We seniors are always being accused of reminiscing about “the good old days” you know, when haircuts were a quarter, burgers were 5 cents and gasoline was 15 cents a gallon.   But let’s go back to the good old days, way back to 500 years ago.   What was it like back then to live when many of today’s customs and sayings had their origins? Read on gentle and distinguished readers as I try to educate and entertain you.  

Life in the 1500’s:  

The next time you are washing your hands and complain because the water temperature isn’t just how you like it, think about how things use to be so long ago.   Most people got married in June because they took their yearly bath in May, and still smelled pretty good by June. However, they were still starting to smell a bit, so brides carried a bouquet of flowers to hide the body odor. Hence the custom today of carrying a bouquet when getting married.  

Baths consisted of a big tub filled with hot water. The man of the house had the privilege of bathing first in nice clean water, then all the sons and men of the household would go next, finally the women, girls and babies would take their bath in the same tun with the same water.  

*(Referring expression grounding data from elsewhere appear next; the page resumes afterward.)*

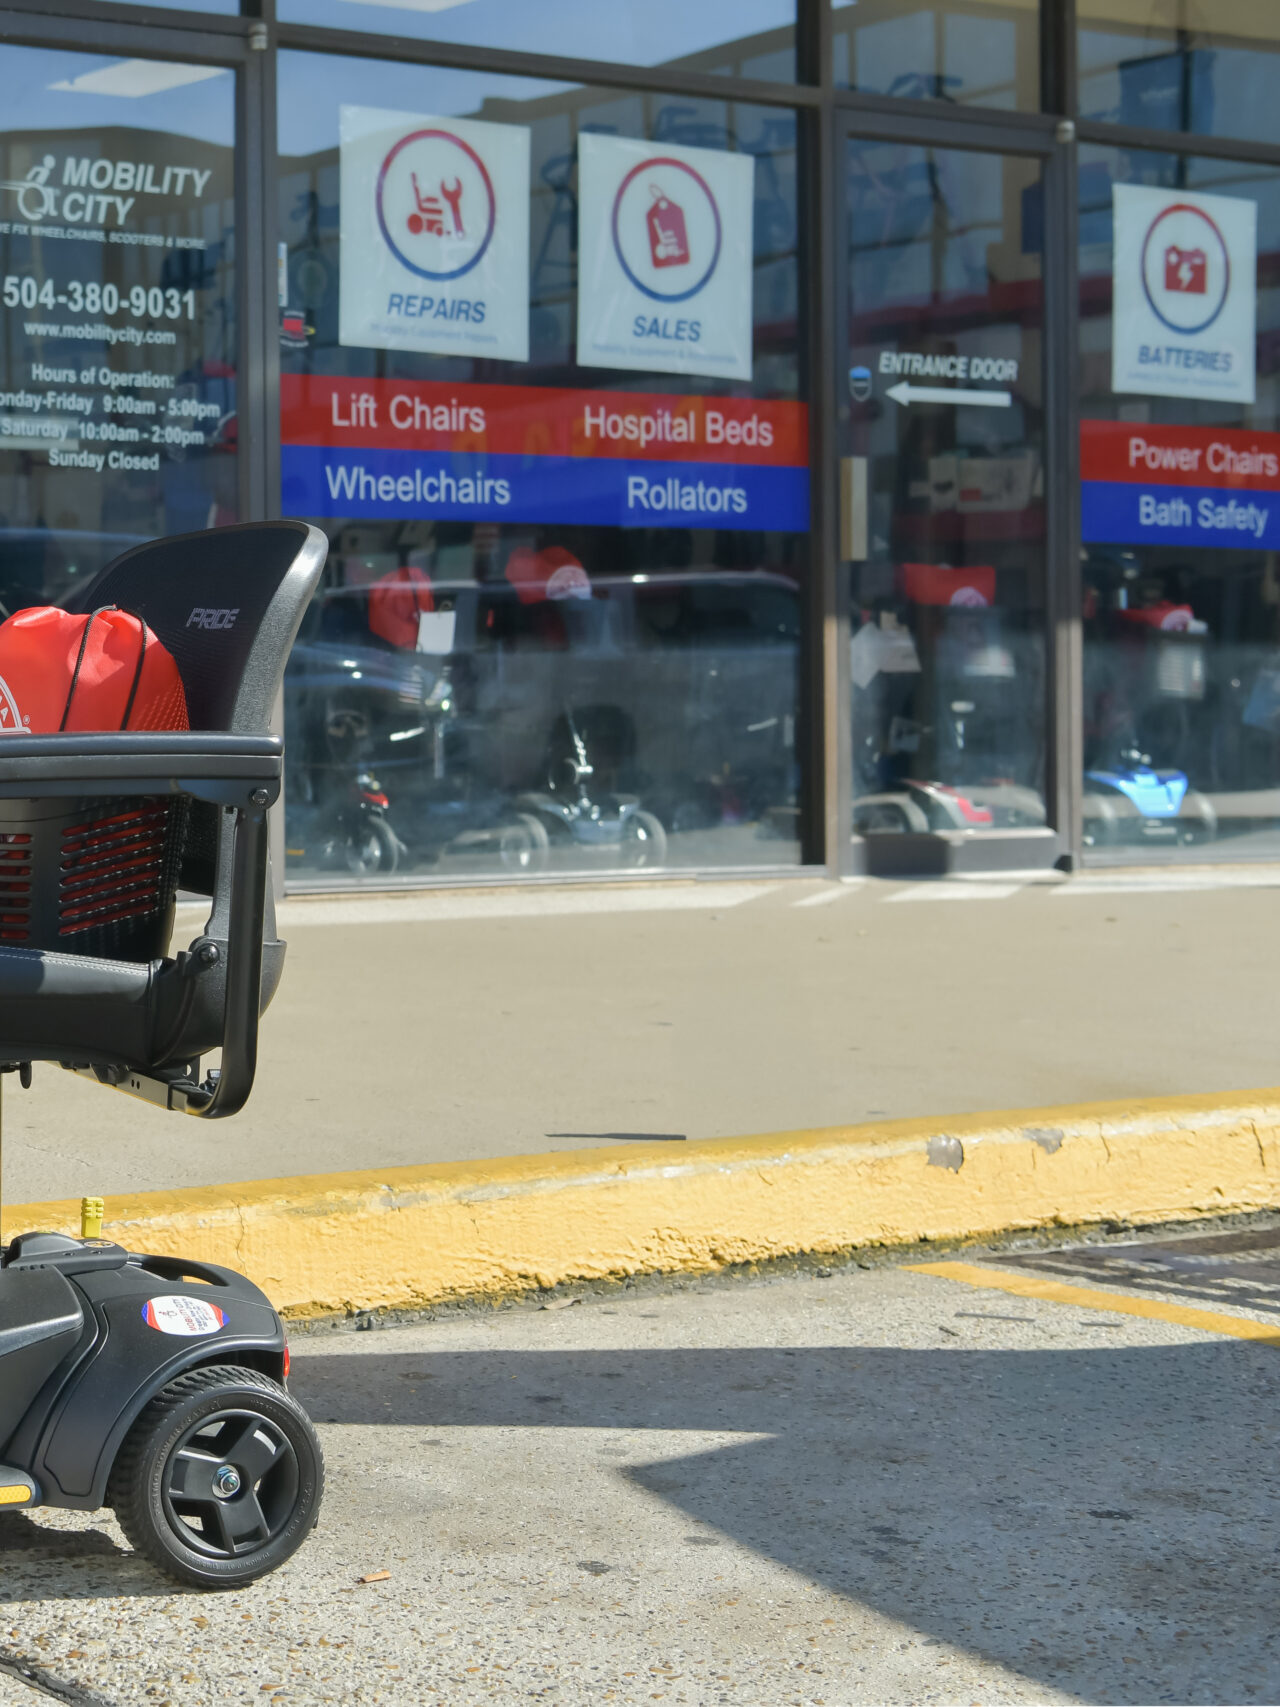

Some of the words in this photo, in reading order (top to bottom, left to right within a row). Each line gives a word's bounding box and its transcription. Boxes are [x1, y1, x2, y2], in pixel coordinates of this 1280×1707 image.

[63, 157, 211, 197] MOBILITY
[63, 192, 135, 225] CITY
[3, 276, 195, 320] 504-380-9031
[387, 293, 486, 324] REPAIRS
[24, 322, 176, 346] www.mobilitycity.com
[632, 315, 701, 342] SALES
[879, 351, 967, 379] ENTRANCE
[970, 356, 1018, 380] DOOR
[1138, 345, 1233, 373] BATTERIES
[31, 363, 77, 384] Hours
[80, 367, 96, 385] of
[99, 368, 175, 389] Operation:
[103, 395, 156, 414] 9:00am
[168, 400, 220, 421] 5:00pm
[331, 392, 377, 428] Lift
[389, 395, 486, 433] Chairs
[1, 418, 69, 441] Saturday
[78, 422, 139, 442] 10:00am
[151, 426, 205, 447] 2:00pm
[584, 405, 696, 448] Hospital
[705, 411, 774, 446] Beds
[49, 450, 105, 472] Sunday
[108, 451, 159, 470] Closed
[1129, 437, 1202, 472] Power
[1206, 442, 1279, 476] Chairs
[325, 464, 510, 505] Wheelchairs
[627, 476, 748, 512] Rollators
[1139, 495, 1192, 527] Bath
[1197, 498, 1269, 537] Safety
[186, 607, 240, 630] PRIDE
[0, 706, 9, 722] A
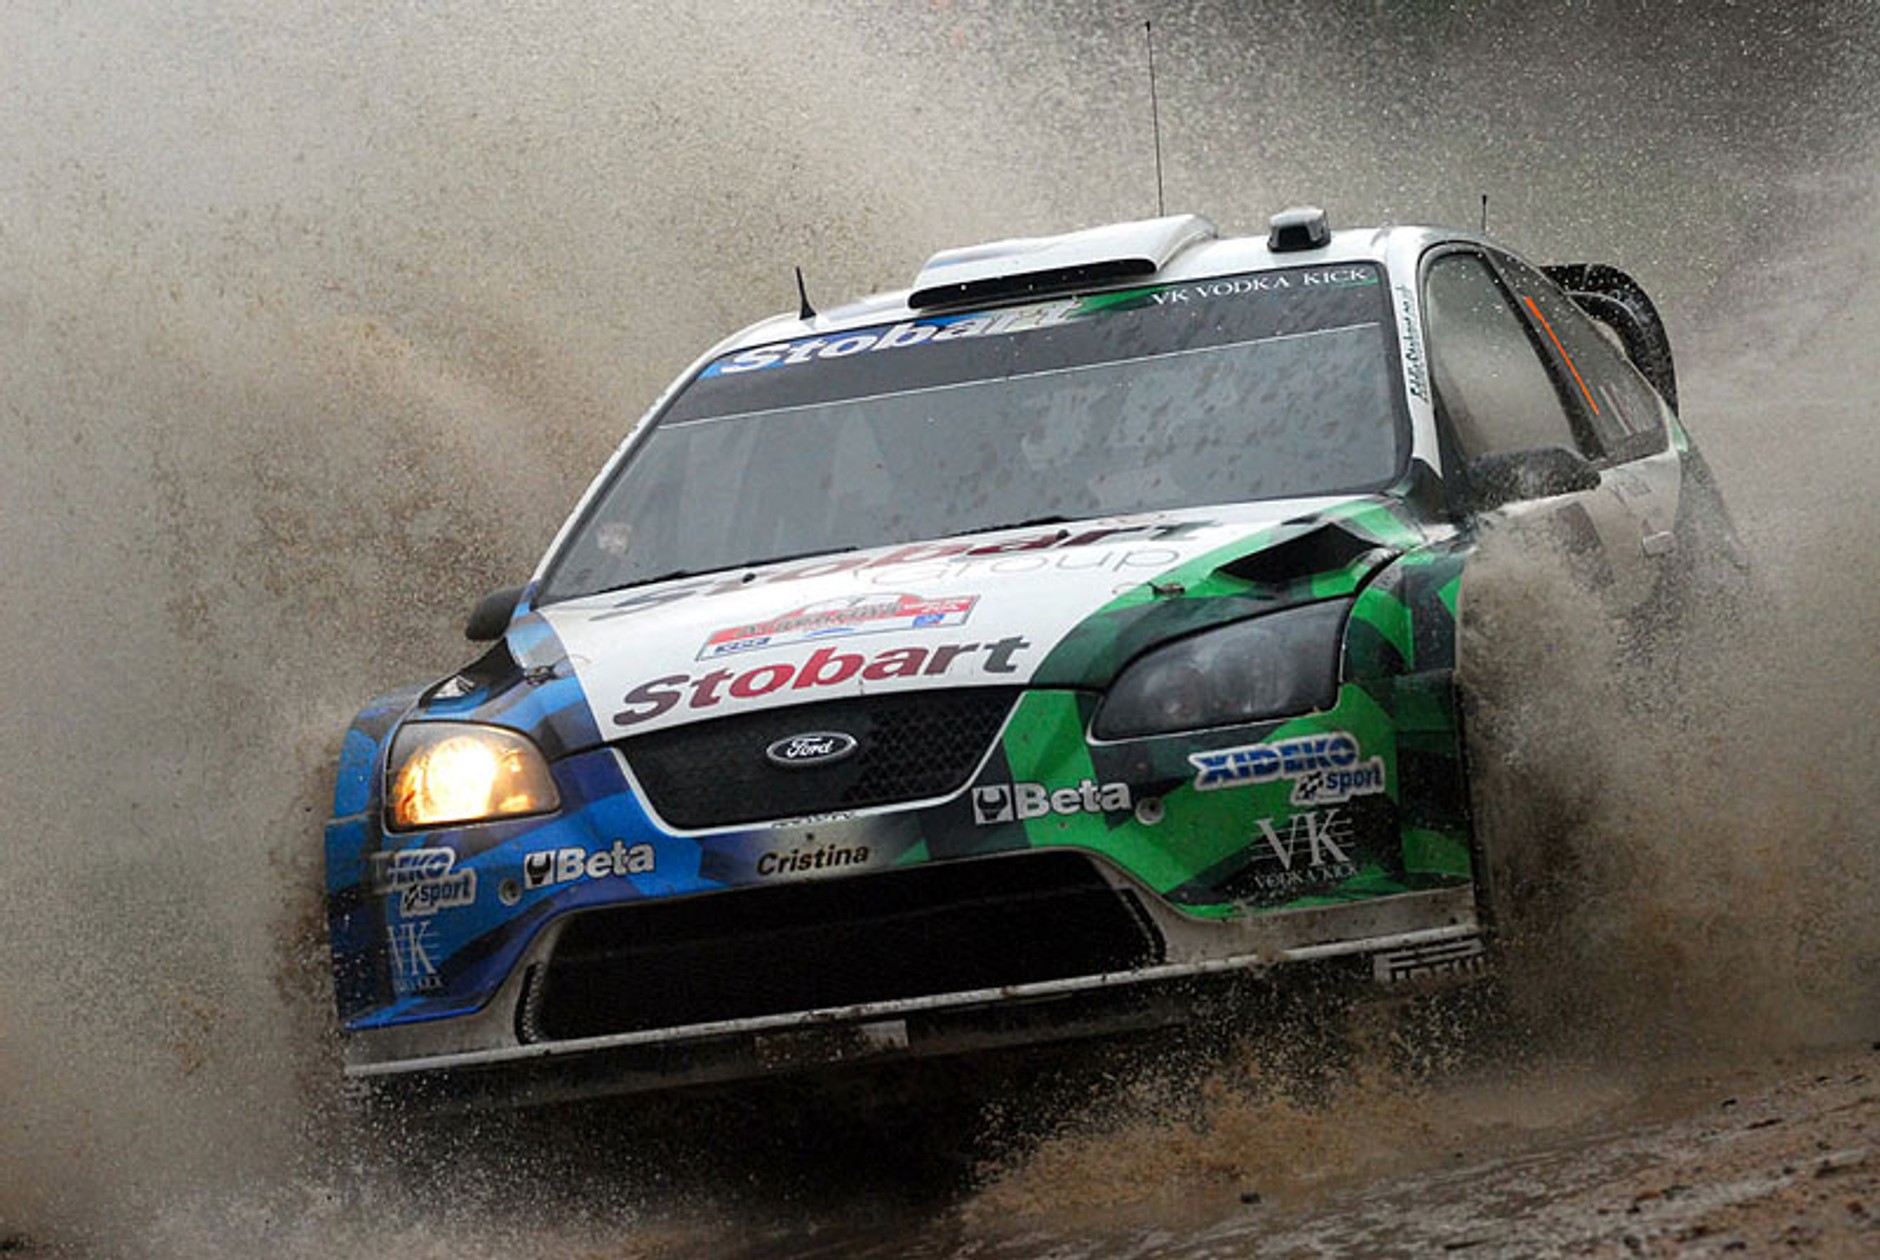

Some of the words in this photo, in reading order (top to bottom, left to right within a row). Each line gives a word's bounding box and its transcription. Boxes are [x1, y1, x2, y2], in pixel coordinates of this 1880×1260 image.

[1152, 288, 1189, 305] VK
[1195, 277, 1290, 299] VODKA
[1302, 268, 1368, 286] KICK
[719, 298, 1081, 373] Stobart
[612, 634, 1031, 727] Stobart
[786, 736, 835, 758] Ford
[1200, 736, 1358, 786] XIDEKO
[1014, 778, 1132, 821] Beta
[1325, 764, 1382, 795] sport
[757, 843, 870, 876] Cristina
[1254, 808, 1351, 870] VK
[555, 839, 656, 883] Beta
[420, 876, 471, 905] sport
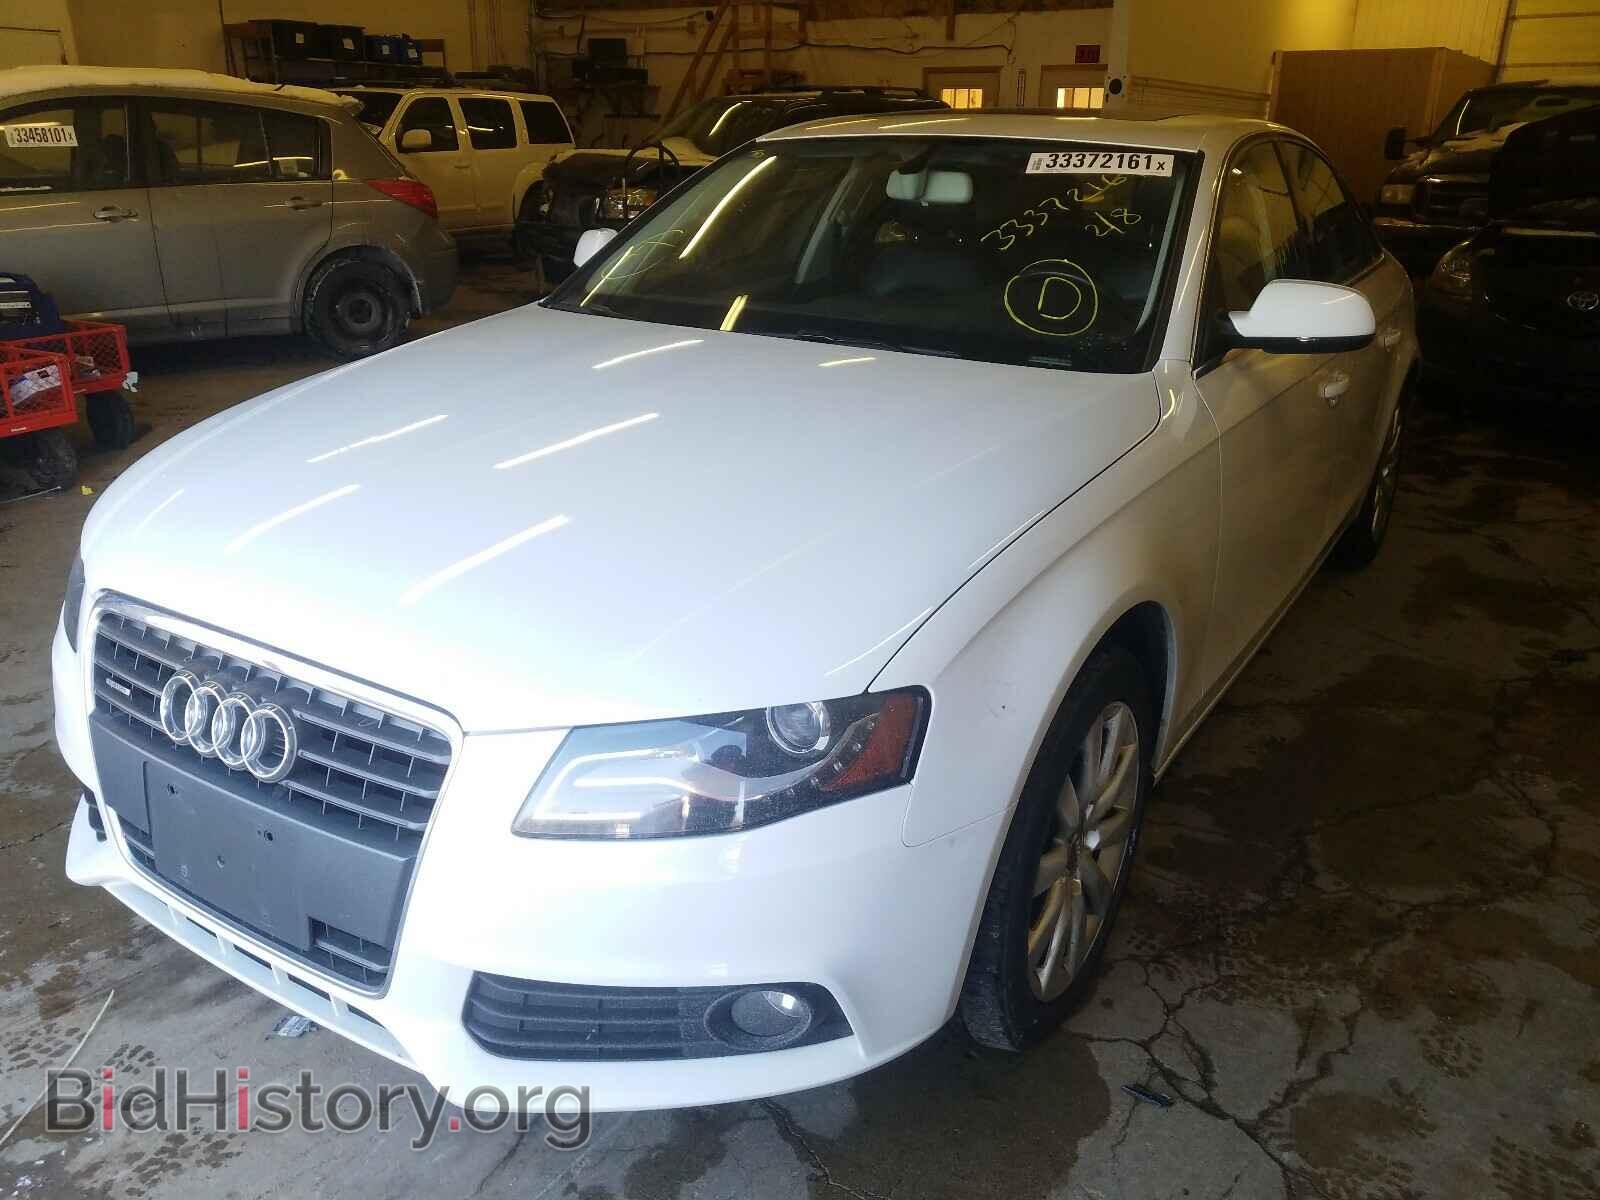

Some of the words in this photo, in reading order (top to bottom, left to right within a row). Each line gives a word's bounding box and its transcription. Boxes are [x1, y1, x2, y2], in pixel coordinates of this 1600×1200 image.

[14, 128, 67, 143] 33458101
[1046, 153, 1153, 170] 33372161
[1037, 276, 1082, 320] D
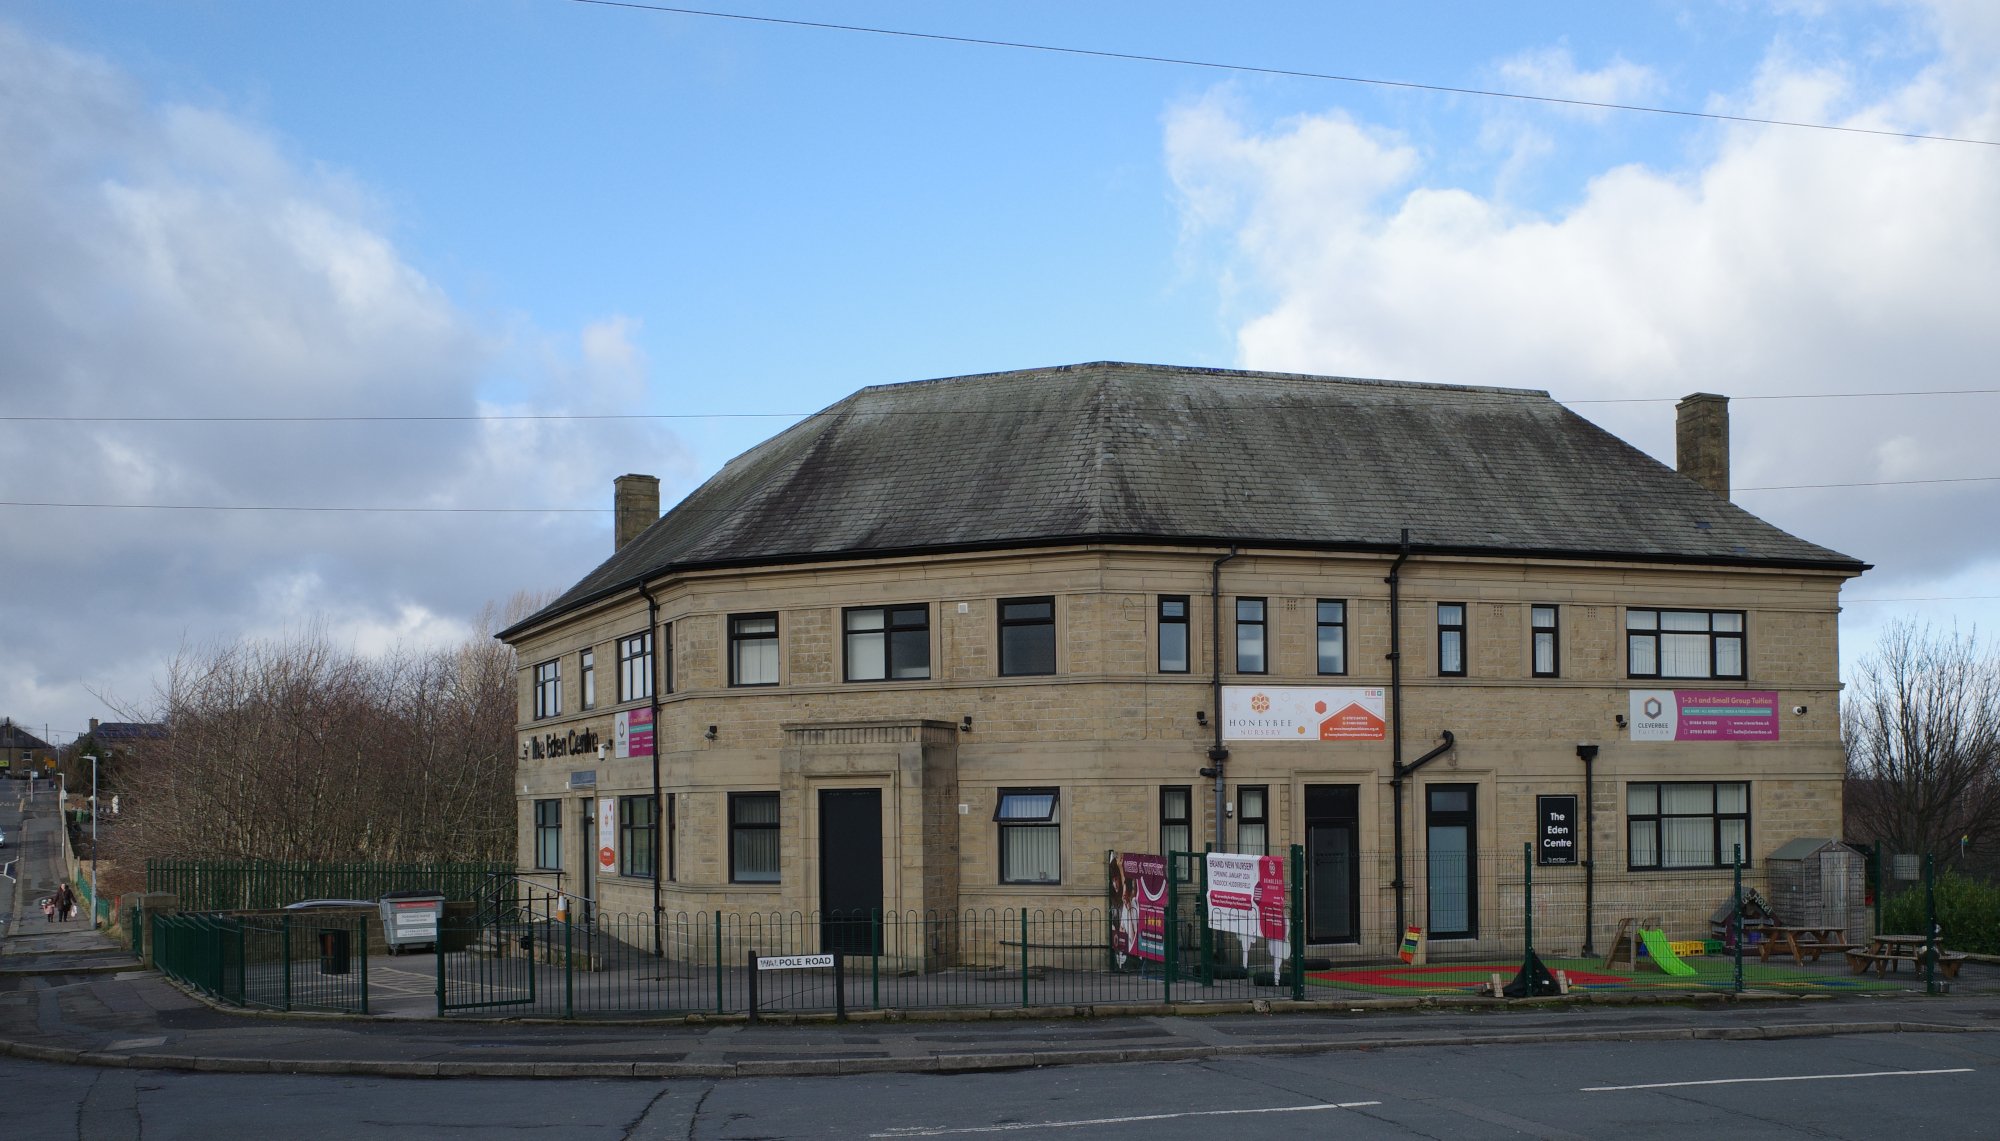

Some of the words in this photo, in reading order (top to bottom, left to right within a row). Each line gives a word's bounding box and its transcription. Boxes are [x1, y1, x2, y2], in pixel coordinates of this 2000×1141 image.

By the time it came to the babies of the household the water was so dirty you could actually lose someone in it. Thus, the phrase “don’t throw the baby out with the bath water.   Houses had thatched roofs; thick straw piled high with no wooden fame underneath. It was the only place for animals to get warm in the wintertime so the cats and other small animals lived in the roof. Sometimes the roof would give way to the weight of the animals giving rise to the saying “raining cats and dogs.”  

And, since there was nothing to stop things from falling through the straw roof into the house form time to time, bugs and other droppings would periodically fall into the home messing up nice clean sheets and freshly made beds. To prevent this people would tie bed sheets to the tops of the bedposts over the bed to catch the droppings leading to the invention of the canopy.  

The floor was dirt in the 1500’s. Only the wealthy had something other than dirt hence the saying “dirt poor”. The wealthy had slate floors that would get slippery in the winter when it got wet. Thresh (straw) was put on the floor to prevent slipping. As the winter wore on more and more thresh was added to the floor to soak up the condensation until a piece of wood had to be laid in the doorways to prevent the thresh from slipping outside, hence the word “thresh hold”.   (Getting quite an education aren’t you?)  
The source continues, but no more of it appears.